▶ _Supplied data_
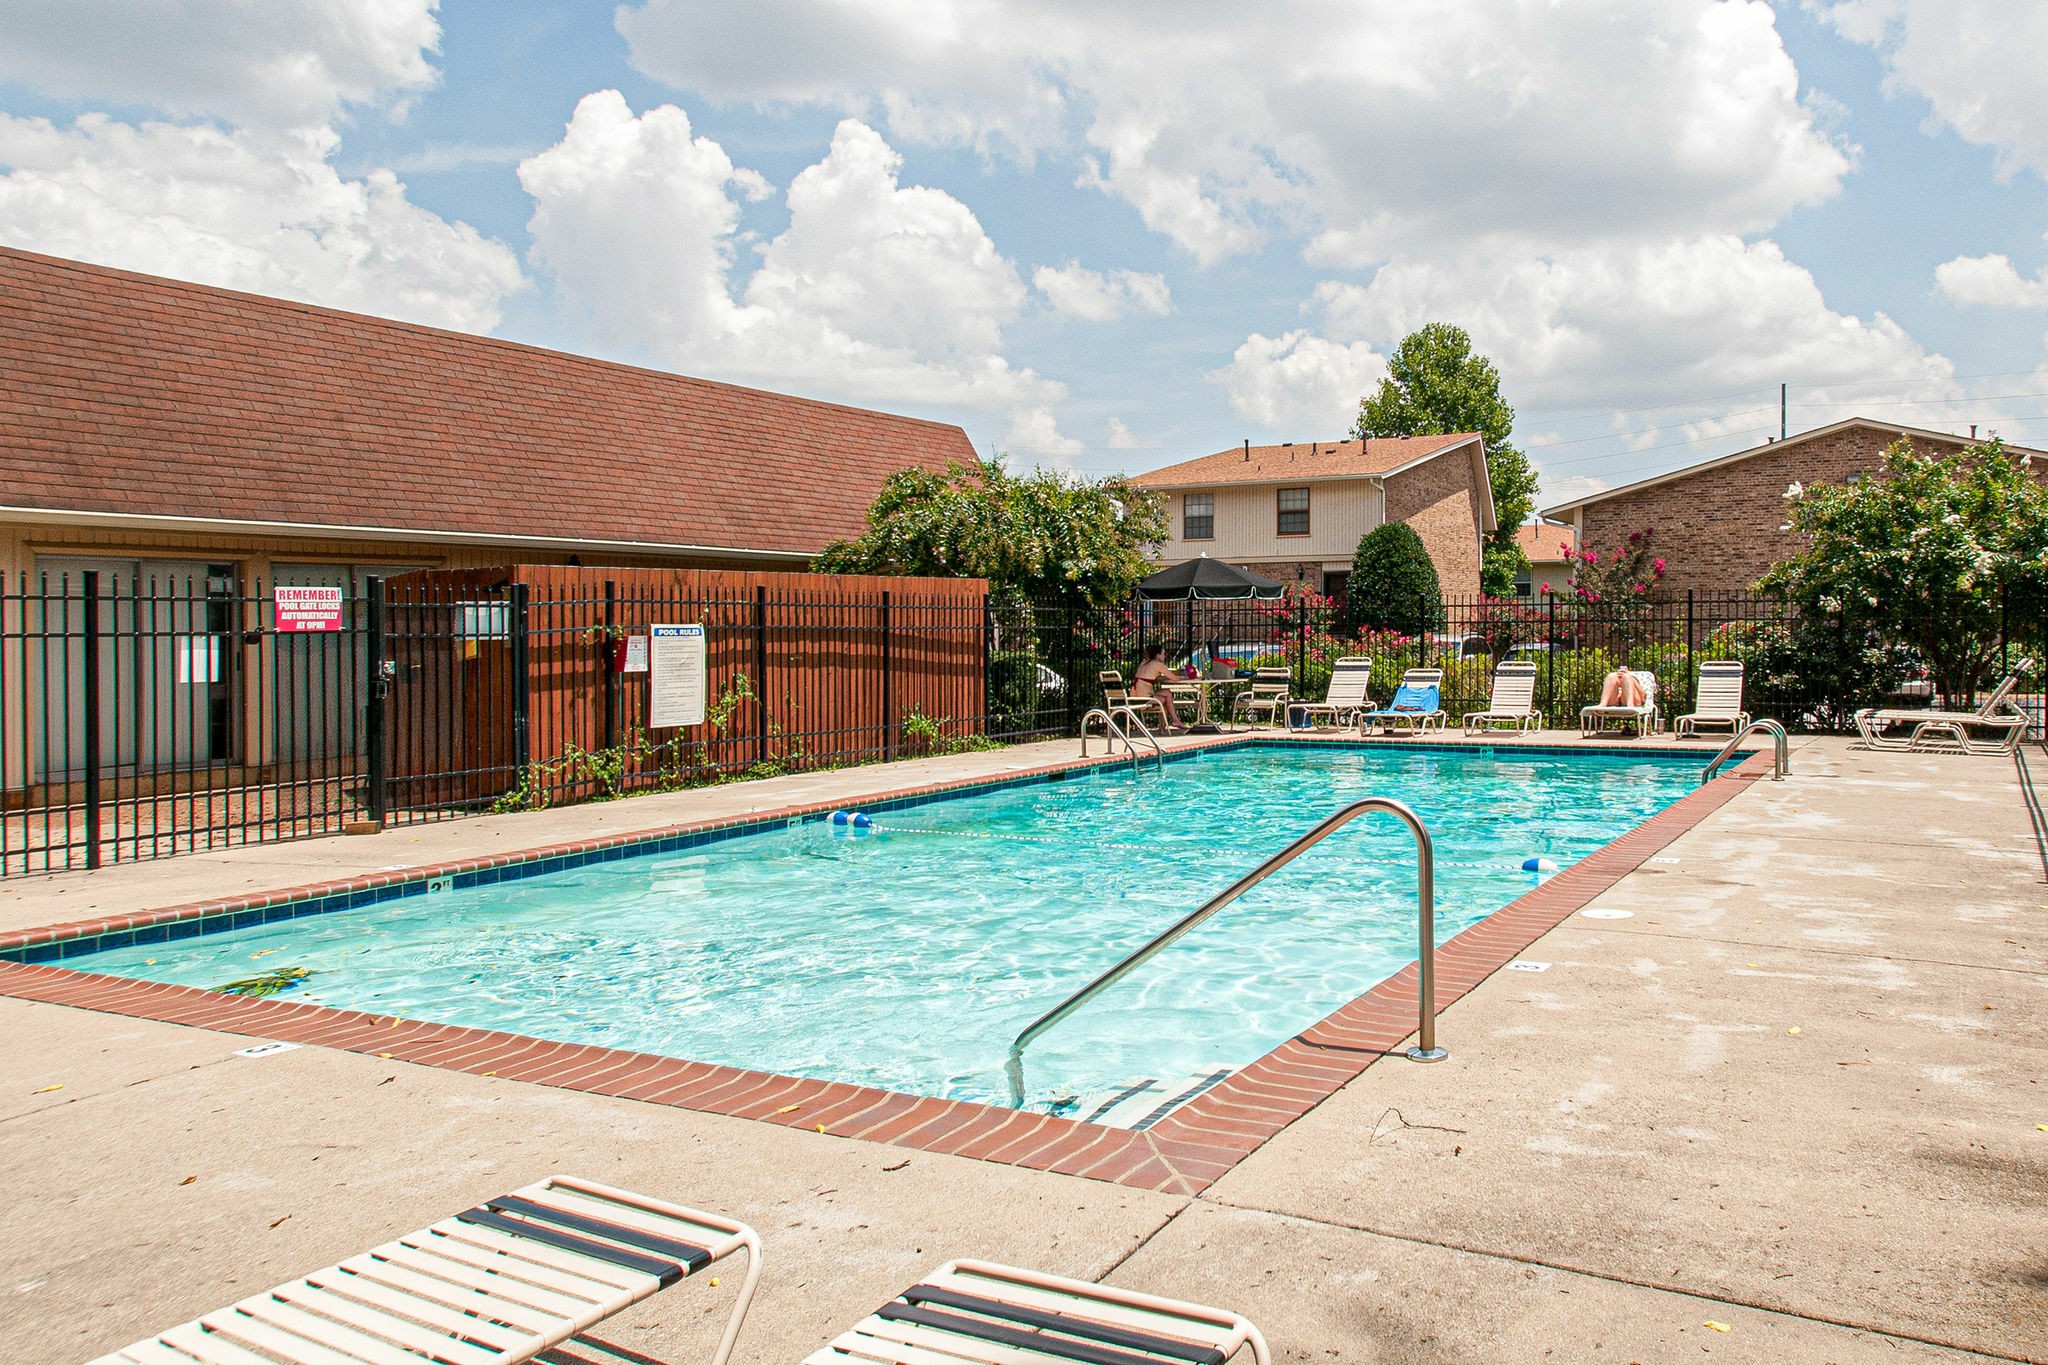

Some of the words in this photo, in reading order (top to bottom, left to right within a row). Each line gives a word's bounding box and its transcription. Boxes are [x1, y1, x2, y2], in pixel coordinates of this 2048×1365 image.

[278, 589, 341, 601] REMEMBER!
[279, 602, 299, 610] POOL
[299, 602, 318, 610] GATE
[318, 602, 341, 610] LOCKS
[281, 611, 338, 620] AUTOMATICALLY
[296, 621, 306, 629] AT
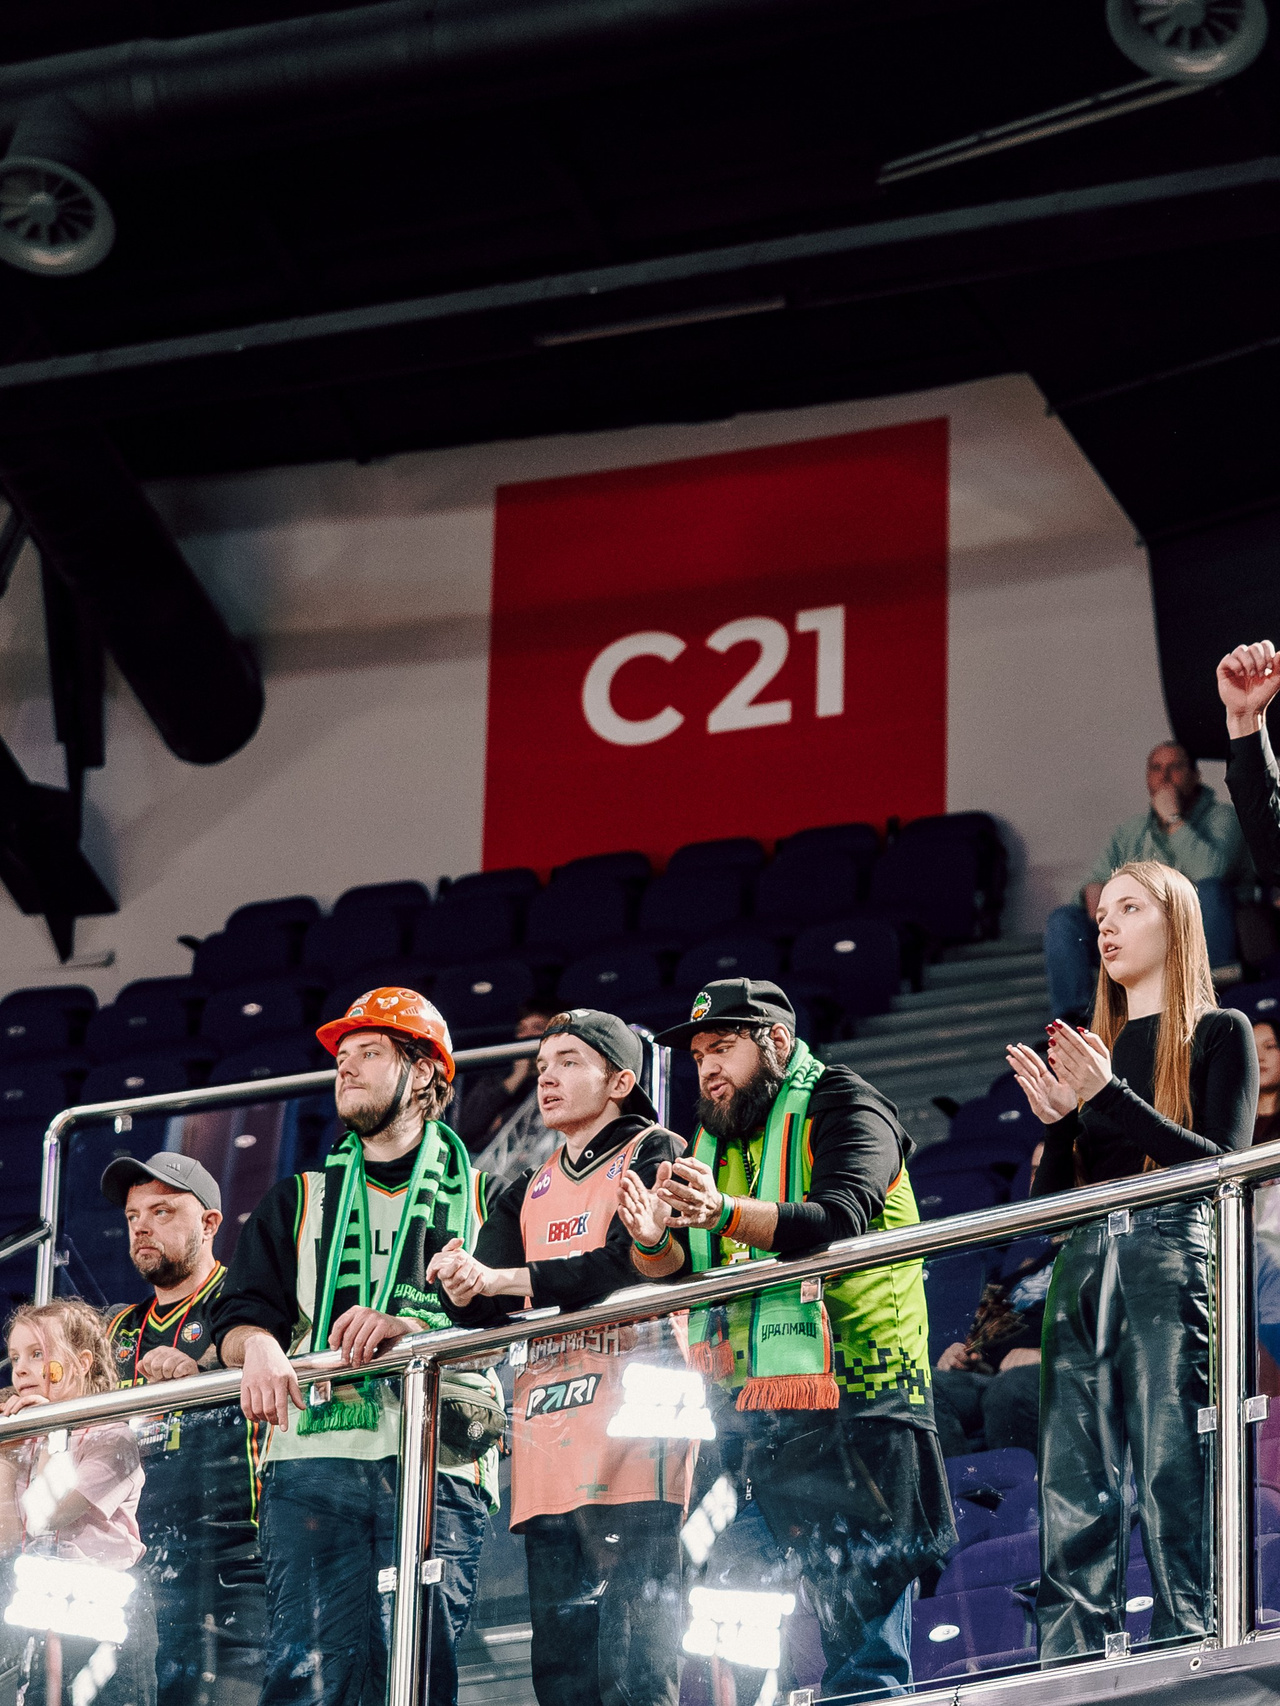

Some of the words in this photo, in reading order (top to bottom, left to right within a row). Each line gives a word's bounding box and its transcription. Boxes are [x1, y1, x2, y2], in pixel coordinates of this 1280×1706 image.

[581, 603, 846, 746] C21
[394, 1283, 441, 1306] УРАЛМА
[761, 1321, 818, 1343] УРАЛМАШ

▶ _Problem to solve_
Exactly the lines from the one with "this 1280×1706 image." through the end of the entries, both included, should be written out, and no others.

▶ _Output for this task_
Some of the words in this photo, in reading order (top to bottom, left to right within a row). Each line gives a word's bounding box and its transcription. Boxes are [x1, y1, x2, y2], in pixel coordinates of this 1280×1706 image.

[581, 603, 846, 746] C21
[394, 1283, 441, 1306] УРАЛМА
[761, 1321, 818, 1343] УРАЛМАШ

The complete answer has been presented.